September 10, 2018 — RAROTONGA, Cook Islands — Twenty-one degrees, 12 minutes south of the equator, 2,771 miles south-southeast of the southern tip of the island of Hawaii, 30 feet below 4-foot swells, Nicole Pedersen swims slowly, wearing a wetsuit, headband, and full scuba gear and carrying a custom-built plexiglass-and-PVC case the size of a tackle box. Within it, twin DSLR cameras automatically photograph a reef a quarter-mile off the coast of Rarotonga. It’s the last of 12 dives she and colleagues from the Scripps Institution of Oceanography have made over three days of their research expedition here.
Pedersen, 25, is a staff researcher at Scripps, part of the University of California, San Diego, and the image digitization coordinator for a natural experiment called the 100 Island Challenge, launched in the summer of 2016. The images she’s gathering—4 billion pixels comprising 70 to 80 gigabytes of data, just from today—will ultimately help the team build a three-dimensional model of the 100-square-meter (1,076-square-foot) plot of reef Pedersen is swimming over in a lawn mower pattern.

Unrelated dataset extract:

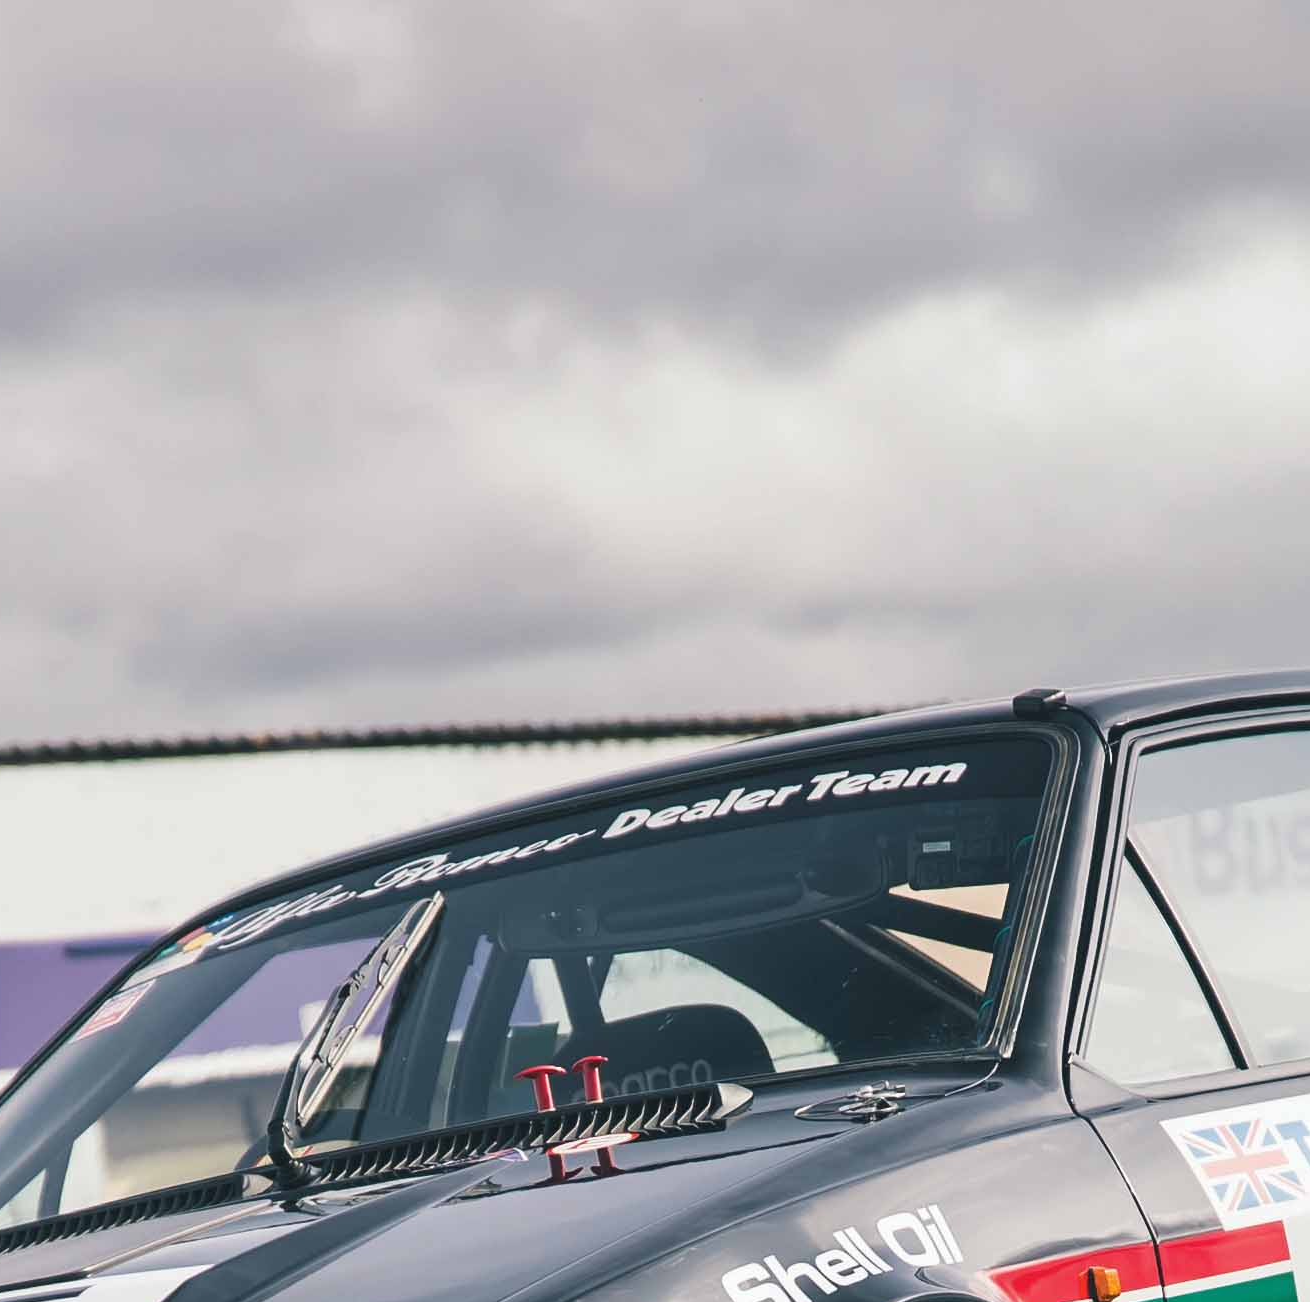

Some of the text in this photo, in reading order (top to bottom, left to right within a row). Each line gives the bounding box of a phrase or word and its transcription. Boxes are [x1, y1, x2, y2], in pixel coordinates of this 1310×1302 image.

[210, 761, 968, 950] Alfa Romeo Dealer Team
[876, 1204, 964, 1268] Oil

As she gently flaps her black-and-yellow fins, maintaining as constant a speed as is possible underwater where waves and currents can toss her off course, marine ecologists Stuart Sandin and Brian Zgliczynski swim alongside her, counting every fish in the plot and marking on a waterproof data sheet each one’s species and approximate size. The more than 4,000 dives the team will make over five years are the data-collection component of an unprecedented attempt to characterize five examples of every type of reef on the planet—twice—to see how each is responding to climate change, ocean acidification, pollution, overfishing, and the other insults humans have been throwing at many of them with increasing frequency and intensity over the last few decades.
The 100 Island Challenge is so wildly ambitious that even one of its co-leaders, Scripps coral reef ecologist Jennifer Smith, thought it would be absurd to try when Sandin, the project’s lead investigator, and Zgliczynski, a postdoctoral researcher, pitched it to her several years ago. “You guys are idiots,” Zgliczynski says she told them.
Over a dinner of wahoo fillets and Cooks Lager, the local brew, following the first day of diving in Rarotonga, the scientists say they could already see that the island’s reefs, alive with new growth of diverse coral species and crowded with fish scraping away excess algae, are not like those that have dominated the news lately. “Coral reefs are bleaching four times as frequently as they did in the 1980s, scientists say,” read a Washington Postheadline in January. “Coral Reefs at ‘Make or Break Point’, UN Environment Head Says,” blared another January story in The Guardian. “Coral reefs at risk of dissolving as oceans get more acidic,” announced Reuters in February.
Unchecked coastal development pollutes reefs; illegal, unreported, and unmonitored fishing depletes them; carbon dioxide emissions inhibit their ability to grow; and historic ocean warming has in recent years caused back-to-back bleaching events that threatened reefs worldwide, including potentially as much as half of the Great Barrier Reef’s northern corals. Still, although the bad news is undeniable, it’s not the only story. “And it’s not the story when communities take control of their marine ecosystem,” Sandin says. “When a community is engaged and listens to what’s underwater, they can keep it going.”